[WHAT THE EXERCISE ASKS]
The answer must be an exact copy of the records below, with every picture left out.

-------- EXTRACTED RECORDS

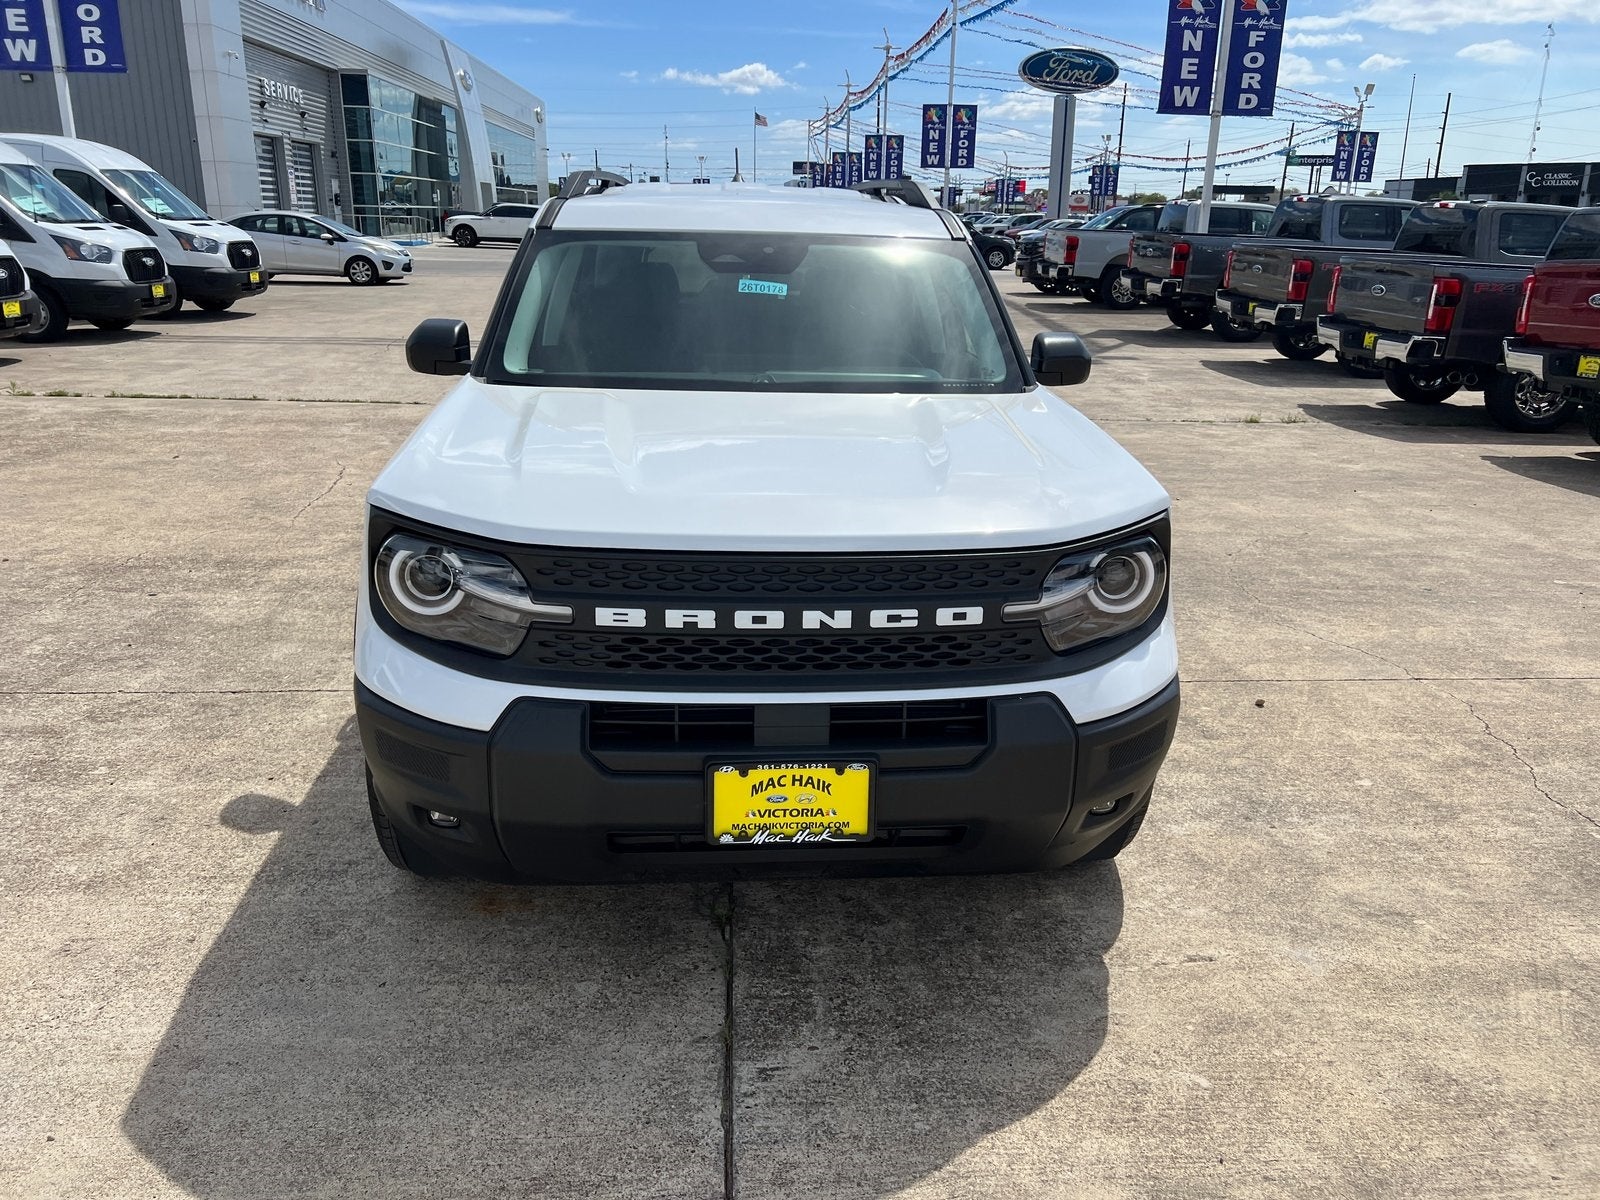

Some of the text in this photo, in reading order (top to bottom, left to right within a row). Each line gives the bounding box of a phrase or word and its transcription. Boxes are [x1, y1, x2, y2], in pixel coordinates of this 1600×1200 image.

[3, 0, 37, 62] EW
[1042, 56, 1101, 83] Ford
[1173, 29, 1203, 108] NEW
[1237, 30, 1267, 110] FORD
[264, 79, 304, 104] SERVICE
[926, 129, 940, 165] NEW
[957, 130, 969, 166] FORD
[1293, 155, 1335, 165] enterpris
[867, 152, 878, 179] NEW
[890, 152, 898, 179] FORD
[1336, 151, 1348, 180] NEW
[1359, 151, 1371, 181] FORD
[1543, 172, 1573, 180] CLASSIC
[741, 282, 785, 294] 26T0178
[594, 605, 984, 630] BRONCO
[751, 774, 833, 798] MAC HAIK
[731, 821, 850, 832] MACHAIKVICTORIA.COM
[756, 808, 826, 819] VICTORIA
[748, 828, 836, 845] Mac Haik

----------------

[SOLUTION BELOW]
Some of the text in this photo, in reading order (top to bottom, left to right within a row). Each line gives the bounding box of a phrase or word and its transcription. Boxes are [x1, y1, x2, y2], in pixel coordinates of this 1600×1200 image.

[3, 0, 37, 62] EW
[1042, 56, 1101, 83] Ford
[1173, 29, 1203, 108] NEW
[1237, 30, 1267, 110] FORD
[264, 79, 304, 104] SERVICE
[926, 129, 940, 165] NEW
[957, 130, 969, 166] FORD
[1293, 155, 1335, 165] enterpris
[867, 152, 878, 179] NEW
[890, 152, 898, 179] FORD
[1336, 151, 1348, 180] NEW
[1359, 151, 1371, 181] FORD
[1543, 172, 1573, 180] CLASSIC
[741, 282, 785, 294] 26T0178
[594, 605, 984, 630] BRONCO
[751, 774, 833, 798] MAC HAIK
[731, 821, 850, 832] MACHAIKVICTORIA.COM
[756, 808, 826, 819] VICTORIA
[748, 828, 836, 845] Mac Haik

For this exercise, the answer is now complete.